Indian Prime Minister Narendra Modi on Wednesday declared the country of 1.3 billion people free of open defecation, and turned his sights towards eradicating single-use plastic next. Modi - whose claim has been challenged by experts - made his ambitious "latrines for all" pledge when he first took office in 2014 and his announcement late Wednesday coincided with the 150th birthday of Mahatma Gandhi, an icon not just for Indian independence but also sanitation.
"In 60 months, 600 million people have been given access to toilets, more than 110 million toilets have been built," Modi said in a speech to 20,000 village chiefs in western Ahmedabad city in his and Gandhi's home state of Gujarat.
"The women of our country no longer have to wait for darkness to descend. Innocent lives of young children are being saved... the expense on healthcare has come down," Modi added, calling the achievement a significant milestone for the vast developing country.
However, despite huge progress, experts have expressed scepticism about his bold claim, saying millions still lack access to a toilet, and that because of old habits many of the new facilities that have been built are not being used.

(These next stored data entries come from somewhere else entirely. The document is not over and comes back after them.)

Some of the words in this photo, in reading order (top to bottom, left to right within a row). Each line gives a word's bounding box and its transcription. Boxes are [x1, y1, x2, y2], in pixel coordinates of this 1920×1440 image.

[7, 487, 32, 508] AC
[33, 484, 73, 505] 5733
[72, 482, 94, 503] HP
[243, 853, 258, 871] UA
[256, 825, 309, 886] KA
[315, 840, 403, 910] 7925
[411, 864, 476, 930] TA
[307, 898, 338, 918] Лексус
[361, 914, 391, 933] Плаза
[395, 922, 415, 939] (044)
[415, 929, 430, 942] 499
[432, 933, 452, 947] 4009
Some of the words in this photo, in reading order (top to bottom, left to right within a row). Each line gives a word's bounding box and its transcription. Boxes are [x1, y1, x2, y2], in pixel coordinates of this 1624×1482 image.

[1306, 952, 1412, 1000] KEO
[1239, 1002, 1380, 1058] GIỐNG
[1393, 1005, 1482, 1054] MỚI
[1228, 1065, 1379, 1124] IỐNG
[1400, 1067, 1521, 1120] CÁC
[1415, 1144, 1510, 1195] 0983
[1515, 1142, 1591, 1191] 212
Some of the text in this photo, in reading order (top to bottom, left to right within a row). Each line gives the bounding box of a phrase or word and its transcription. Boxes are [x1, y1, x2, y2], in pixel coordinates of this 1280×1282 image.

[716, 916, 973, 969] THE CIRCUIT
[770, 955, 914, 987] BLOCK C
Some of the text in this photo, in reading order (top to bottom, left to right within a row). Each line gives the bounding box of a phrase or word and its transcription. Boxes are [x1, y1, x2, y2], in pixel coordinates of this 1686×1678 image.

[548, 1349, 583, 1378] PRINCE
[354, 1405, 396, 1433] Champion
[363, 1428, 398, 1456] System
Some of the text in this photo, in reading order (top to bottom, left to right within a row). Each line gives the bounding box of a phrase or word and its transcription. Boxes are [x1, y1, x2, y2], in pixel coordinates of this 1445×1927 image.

Modi acknowledged that challenges remained, saying "we have to continue the journey to make India clean. We have to make this change in behaviour permanent".
"We have to make sure that the toilets are used for the purpose for which they have been built. People who are still left out must be connected to (them)."
Modi, who stormed to a second term in office in May, also pledged to embark on another major project - to eradicate the country of single-use plastic.
"Plastic is a big danger to health, environment and cleanliness. We must achieve the target of making India plastic free by 2022," he said, reiterating a recent promise.
While some states have already banned the use of such plastics, enforcement of the rules has been lax. "I know that the use of plastic bags has already come down. Millions of households have taken a decision not to use single-use plastics," he said.
"This will benefit the environment. Roads and sewers won't get blocked. Cattle and marine life would be saved." Modi's claim that India is "open-defecation free" has been questioned by experts, who cite data from rural as well as urban areas.
"Latrine ownership increased from about 35 percent to about 70 percent... That did accelerate the reduction of open defecation," said Sangita Vyas from the Research Institute for Compassionate Economics (RICE).
"But in December 2018 we estimated about half of people in the states of Bihar, Madhya Pradesh, Uttar Pradesh and Rajasthan still defecated in the open," she told AFP.
She doubts the shortfall has been made up since. Those four states are home to more than 450 million people. For instance across from Modi's office, on the other side of New Delhi, Vijaya relieved herself next to the tracks near Hazrat Nizamuddin railway station early in the morning.
"There is no toilet (where we live). We all go out in the open," she told AFP.
"We have been here for years and nobody has constructed a toilet, despite our repeated pleas," Kaveri, a domestic helper, said in her nearby home in the poor neighbourhood of Barapullah.
"We go out in the public and it's not safe, but what do we do?" said the mother-of-three.
Many of the toilets that have been constructed are often locked, used for storage, or some other purpose.
Cultural barriers, engrained habits or a lack of knowledge about sanitation also create barriers to more widespread usage.
"If you're going to change the behaviour of rural folk on a sustainable, long term, permanent basis, the only way you're going to be able to do it would be by first focusing on behaviour change," Santosh Mehrotra, a development economist at Jawaharlal Nehru University, told AFP.